HINT SHEET #1
Ratings & Skills

Understanding the numbers, master the players – Rating knowledge is manager power

⭐ Ratings & Skills Explained

Every player in Soccer Supremos has an Overall Rating and eleven individual Skills. These two numbers drive almost every decision you’ll make – from transfers and training to contract negotiations and squad selection. Understanding how they work together is one of the most valuable things you can do as a manager.


🎯 1. The Basics

Each player has an Overall Rating (0–100%) and eleven individual Skills, each also rated 0–100%. Higher is better in both cases.

Those eleven skills are split into two categories:

  • Primary Skills – the ones that feed directly into a player’s Overall Rating.
  • Secondary Skills – they don’t affect Rating, but they still influence what happens on the pitch.
💡 Which skills are Primary depends on position – and the game doesn’t tell you outright. That’s something you have to work out for yourself.

📌 2. How Ratings Are Calculated

The formula behind a player’s Overall Rating is straightforward once you know it:

StepDescription
1️⃣Each position (GK, DEF, MID, ATT) has its own specific set of Primary Skills
2️⃣The number of Primary Skills per position is not shown – managers have to discover it
3️⃣Overall Rating = sum of Primary Skill values ÷ number of Primary Skills
4️⃣The result is rounded to the nearest whole number (e.g. 46.49% → 46%; 46.99% → 47%)
💡 This means even a small improvement to a key Primary Skill can tip a player over to the next Rating point.

🧩 3. Primary vs Secondary Skills

FeaturePrimary Skills 🏆Secondary Skills 🛠️
Affect Overall Rating?✅ Yes❌ No
Position-specific?✅ Yes⚠️ Can be
Important for match performance?✅ Very✅ Still important
Visible or hidden?❓ Must be discovered✅ All visible

📉 4. What Rating Affects

A player’s Rating isn’t just a number on a page – it has real consequences across your club:

  • 💷 Market Value – higher Rating means higher price tag
  • 💰 Salary Demands – unless his contract is already fixed
  • On-field ability – the headline summary of how good he is
  • 📈 Career Progression – tracking how a player is developing over time

Ratings go up or down over time – but only because Primary Skills have improved or declined. Secondary Skills have no effect on that number.

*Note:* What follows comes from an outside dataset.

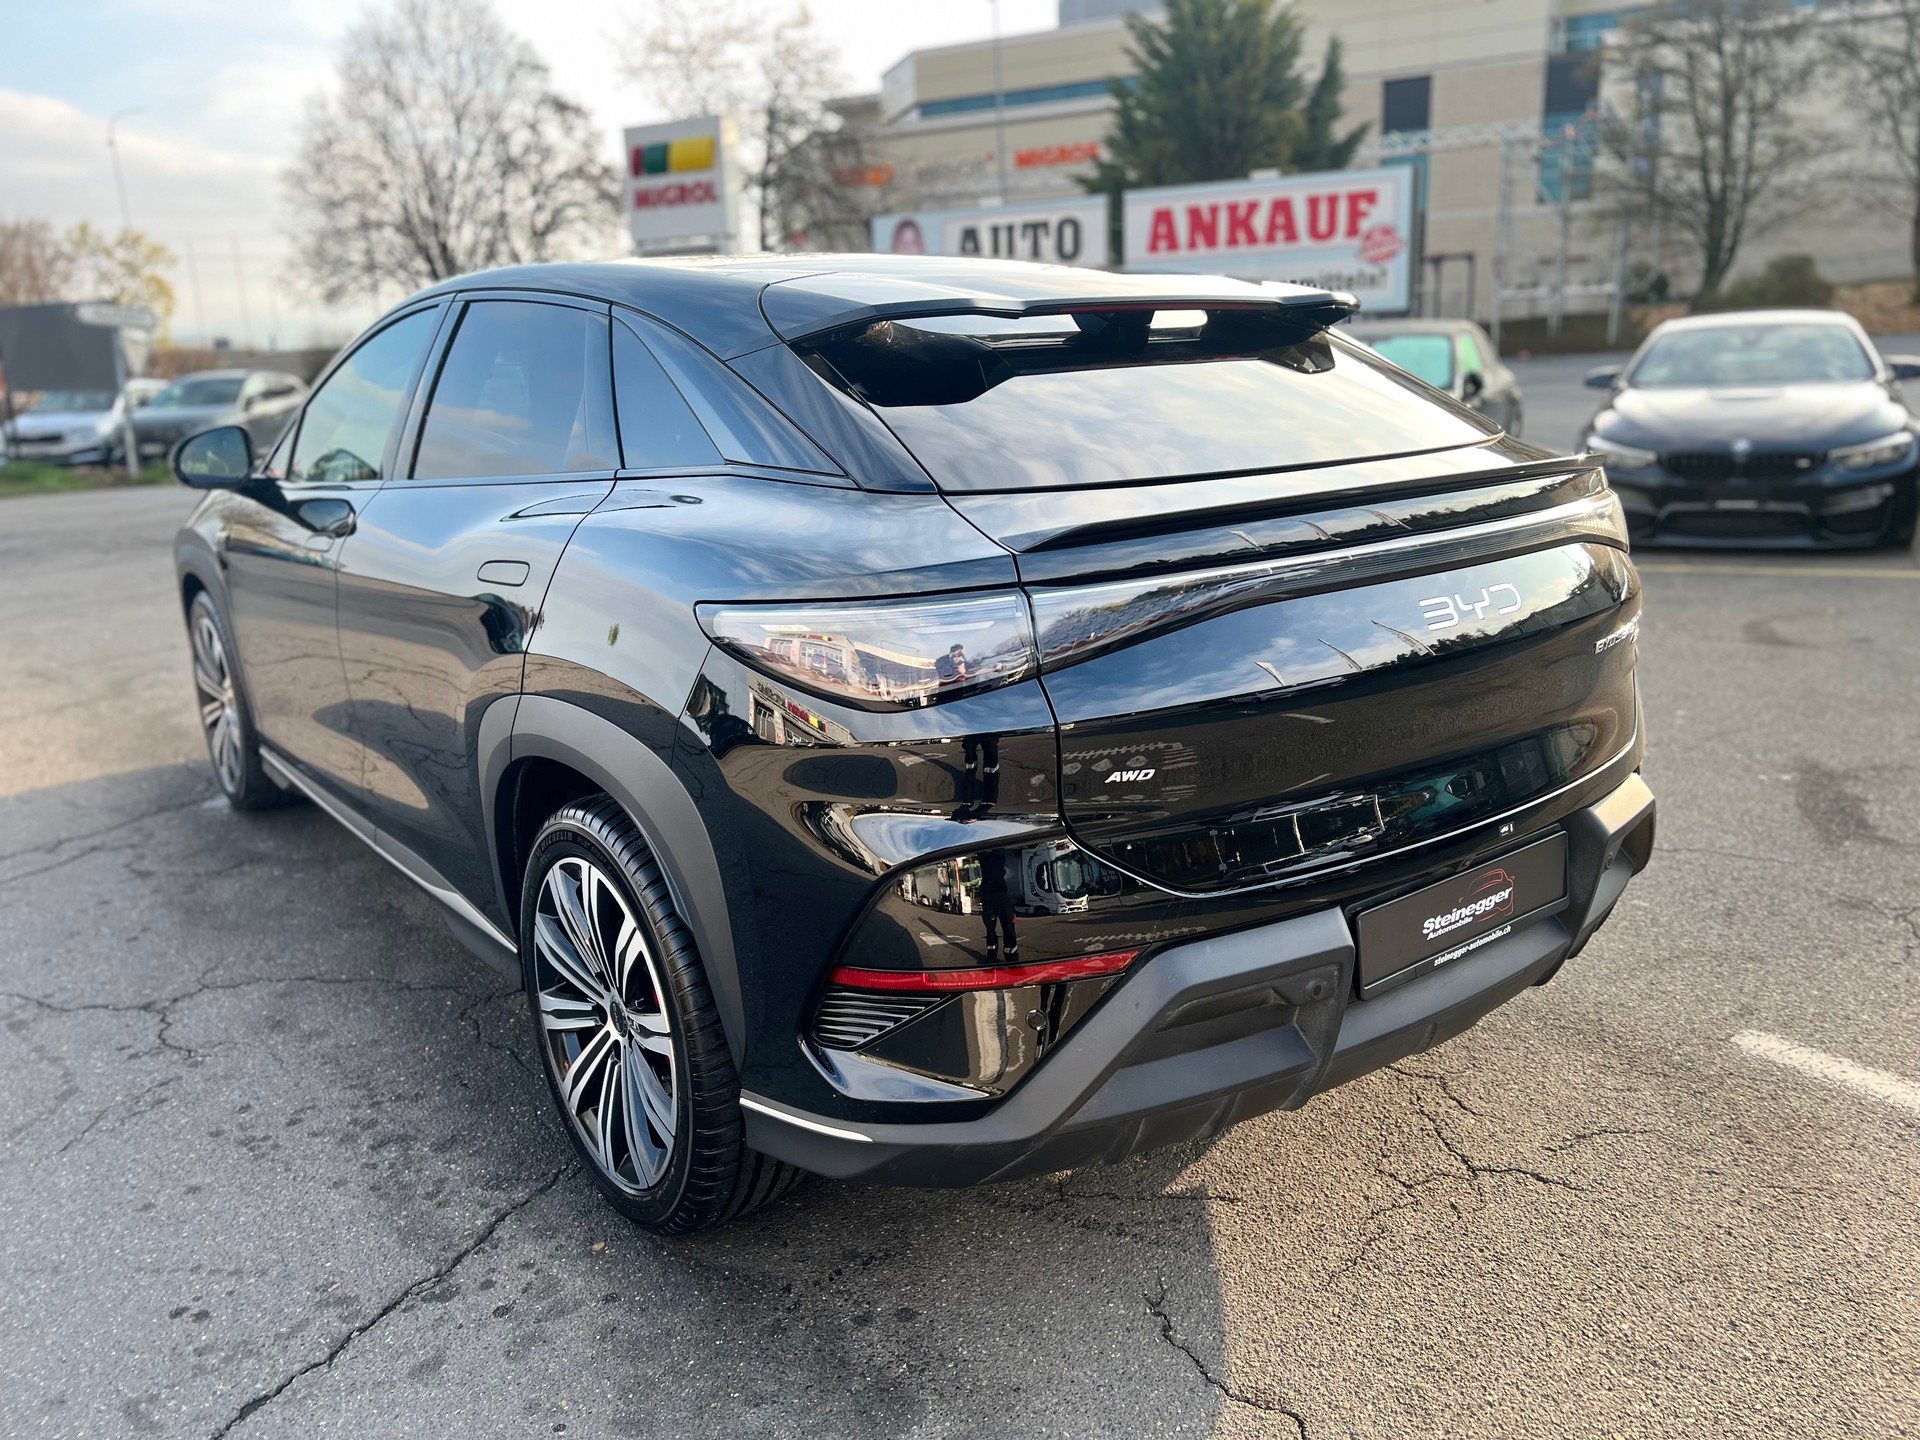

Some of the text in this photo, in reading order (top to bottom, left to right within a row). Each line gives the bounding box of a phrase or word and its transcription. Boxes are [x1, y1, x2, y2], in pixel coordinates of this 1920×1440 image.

🔍 5. Why Knowing Your Primary Skills Matters

Once you know which skills are Primary for a given position, you can start making much sharper decisions:

  • Plan training and camp sessions around the skills that actually move the Rating needle
  • Use one-on-one coaching more precisely
  • Anticipate when the next Rating increase might arrive
  • Time transfers to maximise or minimise market value
  • Get a clearer picture of a player’s true long-term potential

Without that knowledge, you’re essentially training in the dark and hoping for the best.


🕵️ 6. How to Work Out Which Skills Are Primary

The game doesn’t hand you a list – but it gives you everything you need to figure it out. Here’s the method:

  1. Track a player’s skills week by week, paying attention to when his Rating changes.
  2. Open your Manager’s Report at Squad Report: Part 4 and note which skills changed alongside the Rating shift – and which ones stayed the same.
  3. Skills that didn’t move when the Rating changed are almost certainly not Primary.
  4. Build a shortlist of the skills that do seem to correlate with Rating movement.
  5. Add those candidate skills together, divide by the count, and round to the nearest whole number.
  6. If the result matches his current Rating – you’re on the right track.
  7. Test the same logic across other players in the same position to confirm the pattern.

🔍 Some managers share what they’ve worked out, some keep it close to their chest. You can always ask around – or enjoy figuring it out yourself. Either way, once you know it, you’ve got a genuine edge.

Final TipThe Rating is the headline. The Skills are the story behind it. Understanding which skills actually drive that number – and which ones don’t – is what separates managers who get lucky from managers who build consistently strong squads. It takes a bit of detective work, but it’s worth it.